COLUMBIA, SC (WIS) – The Columbia mother charged with lying to investigators about where she last saw her 19-month-old son, is now pregnant and deemed "mentally ill," according to court records.

Zinah Jennings' son, Amir, was last seen around Thanksgiving but hasn't been seen since.

Jennings hired Columbia attorney Hemphill Pride to represent her after ditching her tax payer-funded public defender on Jan. 17. Pride filed four motions between Jan. 23 and Jan. 25, asking for evidence from prosecutors to support the cruelty to children charge, and Pride asked for a judge to reduce Jennings' $150,000 bond.

The filings also show that Jennings is pregnant and being detained at a psychiatric facility in Columbia.

"She is in dire need of prenatal care," Pride argued in his filing.

Hospital staffers tested Jennings for pregnancy when she crashed her car Dec. 24, the night Columbia Police first questioned her about where her son is. That pregnancy test, according to sources close to the case, came back negative.

Jennings was re-tested on Dec. 28 while undergoing mental health evaluations, according to sources, when that test came back positive for pregnancy.

A Richland County probate judge ordered Jennings to undergo mental health examinations after her arrest on Dec. 30.

On Jan. 11, records show that Dr.

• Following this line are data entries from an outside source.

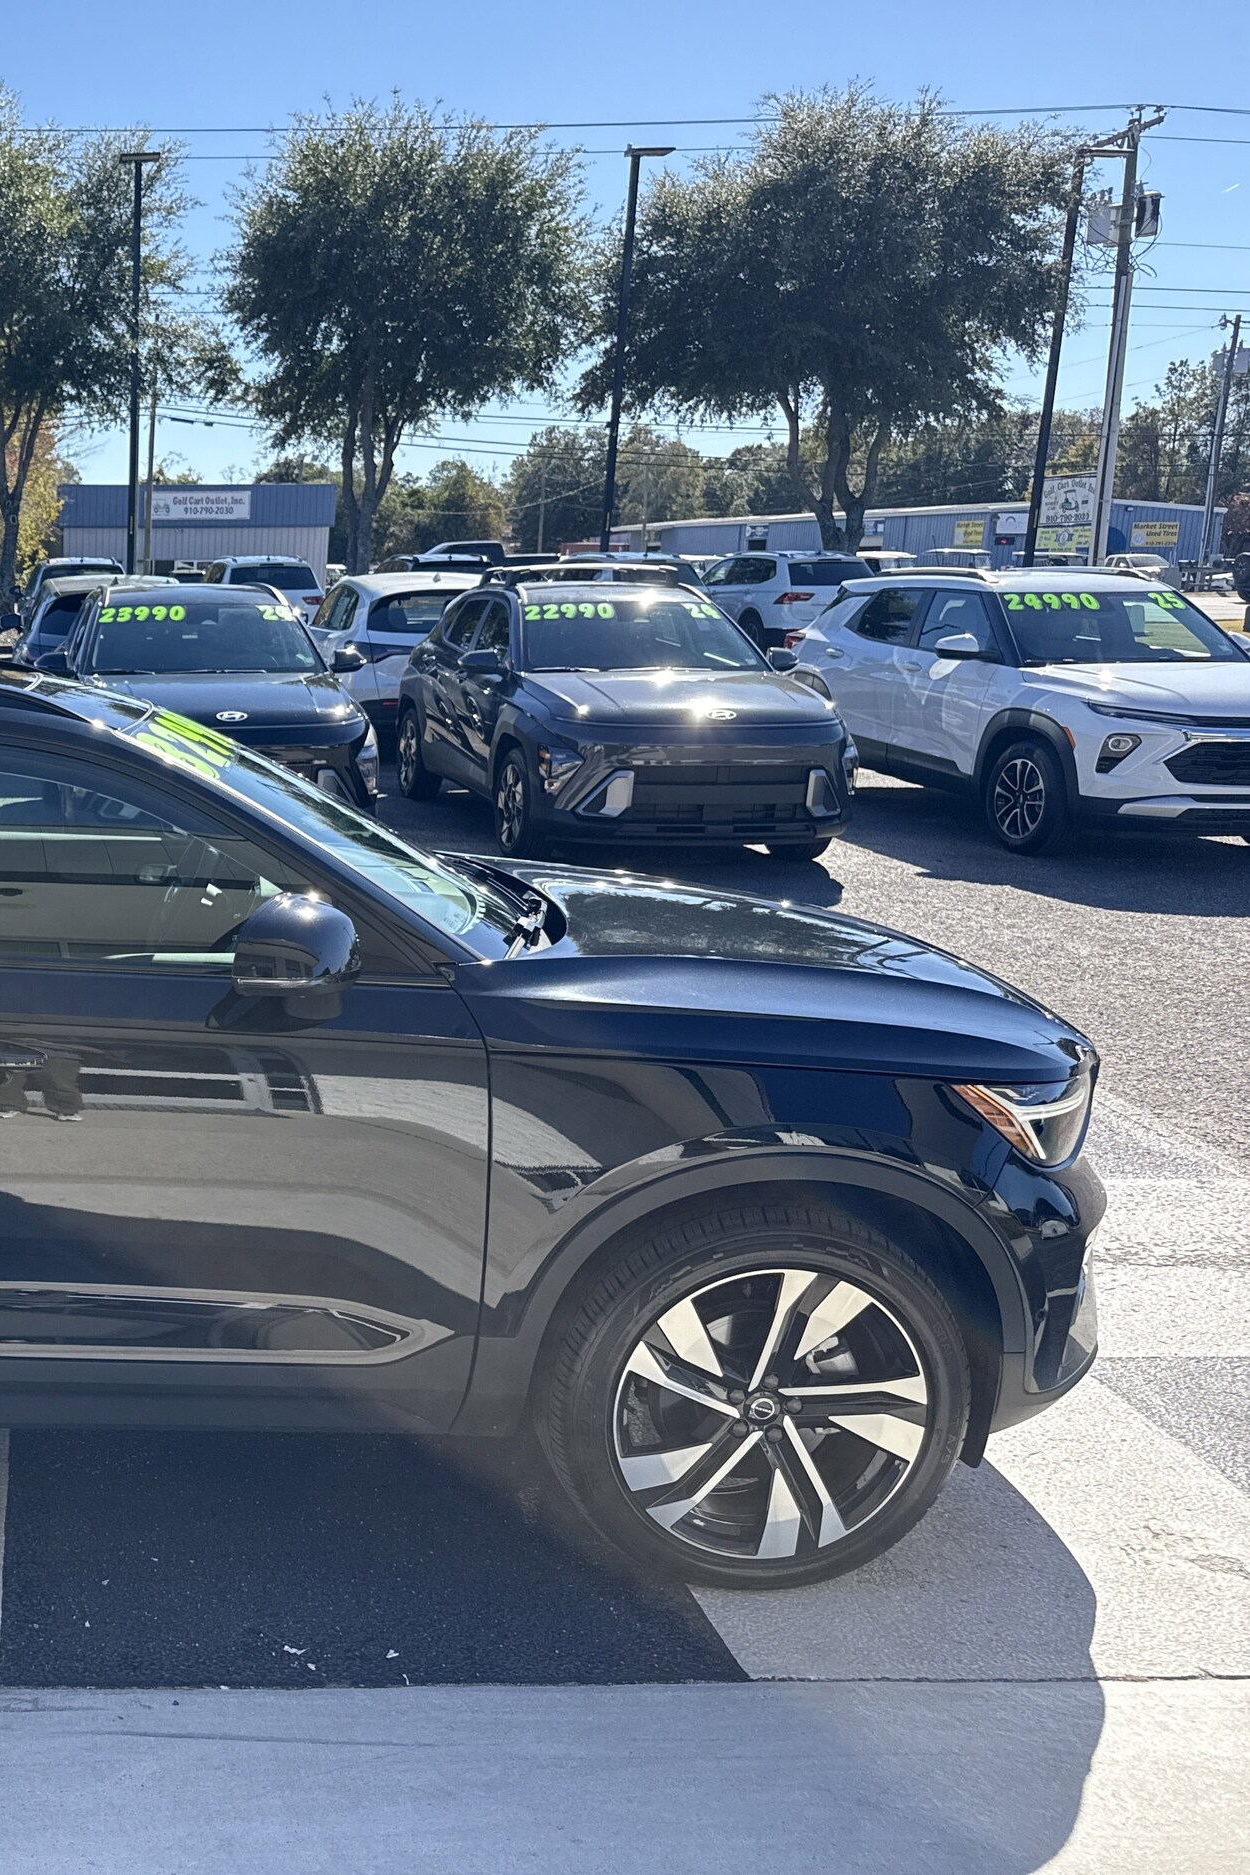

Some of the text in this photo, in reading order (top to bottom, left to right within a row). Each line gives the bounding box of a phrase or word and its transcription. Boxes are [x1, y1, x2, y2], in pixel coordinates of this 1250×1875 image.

[173, 496, 188, 505] Golf
[189, 496, 204, 505] Cart
[184, 506, 234, 515] 910-790-2030
[1003, 592, 1186, 611] 24990 25
[98, 605, 186, 623] 23990
[524, 602, 615, 621] 22990

Michael J. Ferlauto issued a report that showed Jennings was, "mentally ill, needs involuntary treatment and because of this mental illness…lacks sufficient insight or capacity to make responsible decisions with respect to his/her treatment…and, therefore, involuntary hospitalization; [and] involuntary outpatient treatment is recommended."

On Jan. 17, records show that probate court judge Theresa L. Clement held a hearing and found Jennings "mentally ill." Clement's ruling included a year-long mental health treatment that included medication.

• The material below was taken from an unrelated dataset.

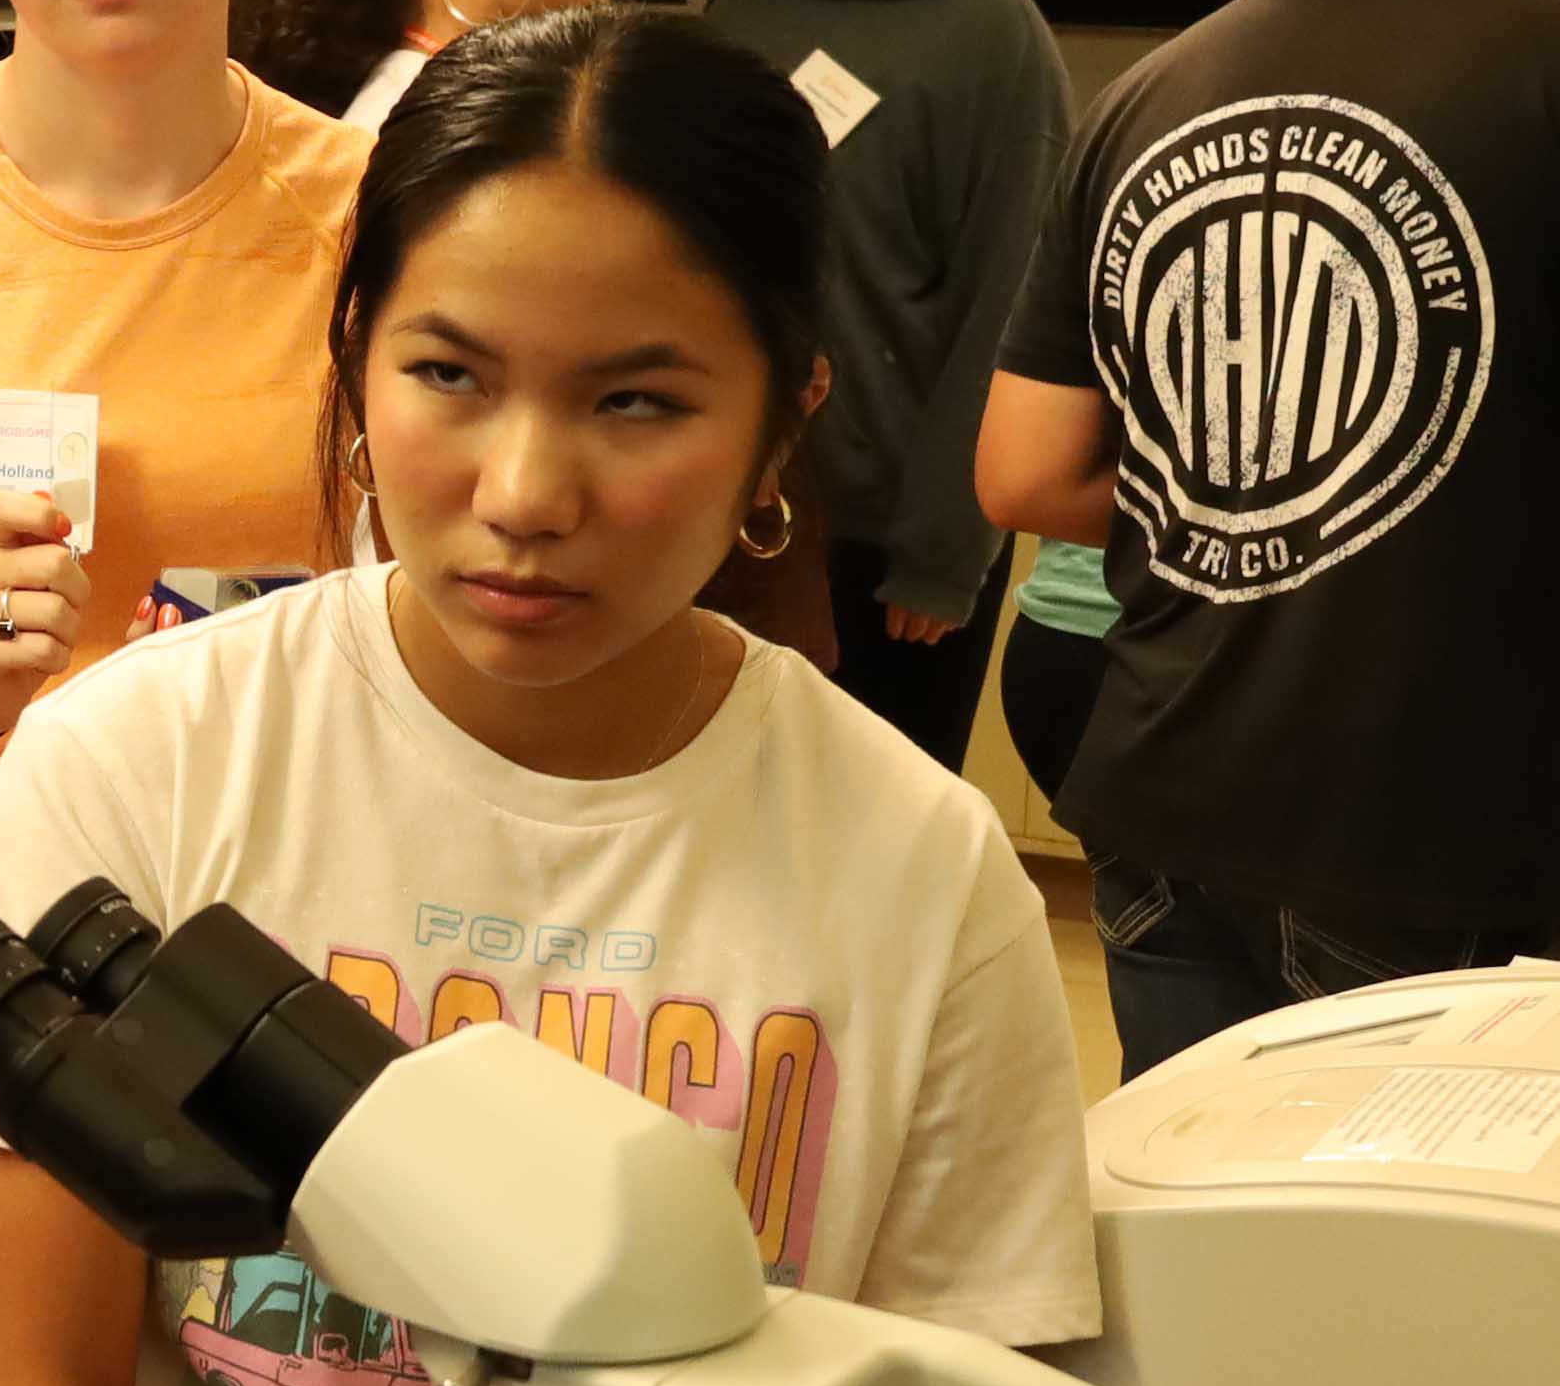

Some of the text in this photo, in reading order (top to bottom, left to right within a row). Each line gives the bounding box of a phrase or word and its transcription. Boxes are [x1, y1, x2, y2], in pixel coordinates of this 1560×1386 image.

[1103, 125, 1468, 312] DIRTY HANDS CLEAN MONEY
[1240, 536, 1304, 578] CO.
[415, 903, 657, 972] FORD

Pride has asked for Jennings' bond to be reduced. A hearing must be set by the circuit court and the solicitor's office.


A forth motion would all Jennings to appear in court wearing "civilian clothing," instead of the Alvin S. Glenn Detention Center uniform issued to all inmates. Pride's reasons, "this case has been widely publicized, locally and nationally, via every source of the news media."

Pride argued that Jennings' showing for court hearings in the inmate uniform, "impedes her right to a fair and impartial trial," according to the court record.

Pride's motion also asks the judge to "bar media coverage of any and all future court proceedings," if the court would not allow her to appear in "civilian clothing."

Pride declined to discuss the details of his motions, but said he's asked for a day in court to argue his motions.